_Required work_
An exact retyping of every record is required.

--------

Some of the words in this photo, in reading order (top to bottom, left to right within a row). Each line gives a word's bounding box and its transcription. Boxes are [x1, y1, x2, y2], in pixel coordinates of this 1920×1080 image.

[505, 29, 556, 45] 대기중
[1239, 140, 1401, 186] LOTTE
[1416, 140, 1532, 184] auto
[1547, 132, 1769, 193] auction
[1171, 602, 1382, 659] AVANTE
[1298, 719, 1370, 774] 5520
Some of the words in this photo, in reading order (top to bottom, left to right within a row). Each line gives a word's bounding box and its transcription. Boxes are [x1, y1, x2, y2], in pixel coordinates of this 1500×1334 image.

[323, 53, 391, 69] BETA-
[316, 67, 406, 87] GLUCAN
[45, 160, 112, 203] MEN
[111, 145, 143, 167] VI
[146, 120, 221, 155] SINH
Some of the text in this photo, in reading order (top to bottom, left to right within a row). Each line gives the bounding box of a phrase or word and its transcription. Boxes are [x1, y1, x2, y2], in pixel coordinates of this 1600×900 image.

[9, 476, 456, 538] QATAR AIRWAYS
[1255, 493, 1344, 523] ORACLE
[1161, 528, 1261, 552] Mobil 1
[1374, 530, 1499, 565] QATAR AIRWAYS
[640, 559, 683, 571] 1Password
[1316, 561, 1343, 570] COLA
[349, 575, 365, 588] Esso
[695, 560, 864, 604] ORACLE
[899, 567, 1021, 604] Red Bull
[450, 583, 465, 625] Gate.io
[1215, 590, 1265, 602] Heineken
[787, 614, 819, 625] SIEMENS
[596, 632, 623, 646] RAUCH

--------

_Completed exercise_
Some of the words in this photo, in reading order (top to bottom, left to right within a row). Each line gives a word's bounding box and its transcription. Boxes are [x1, y1, x2, y2], in pixel coordinates of this 1920×1080 image.

[505, 29, 556, 45] 대기중
[1239, 140, 1401, 186] LOTTE
[1416, 140, 1532, 184] auto
[1547, 132, 1769, 193] auction
[1171, 602, 1382, 659] AVANTE
[1298, 719, 1370, 774] 5520
Some of the words in this photo, in reading order (top to bottom, left to right within a row). Each line gives a word's bounding box and its transcription. Boxes are [x1, y1, x2, y2], in pixel coordinates of this 1500×1334 image.

[323, 53, 391, 69] BETA-
[316, 67, 406, 87] GLUCAN
[45, 160, 112, 203] MEN
[111, 145, 143, 167] VI
[146, 120, 221, 155] SINH
Some of the text in this photo, in reading order (top to bottom, left to right within a row). Each line gives the bounding box of a phrase or word and its transcription. Boxes are [x1, y1, x2, y2], in pixel coordinates of this 1600×900 image.

[9, 476, 456, 538] QATAR AIRWAYS
[1255, 493, 1344, 523] ORACLE
[1161, 528, 1261, 552] Mobil 1
[1374, 530, 1499, 565] QATAR AIRWAYS
[640, 559, 683, 571] 1Password
[1316, 561, 1343, 570] COLA
[349, 575, 365, 588] Esso
[695, 560, 864, 604] ORACLE
[899, 567, 1021, 604] Red Bull
[450, 583, 465, 625] Gate.io
[1215, 590, 1265, 602] Heineken
[787, 614, 819, 625] SIEMENS
[596, 632, 623, 646] RAUCH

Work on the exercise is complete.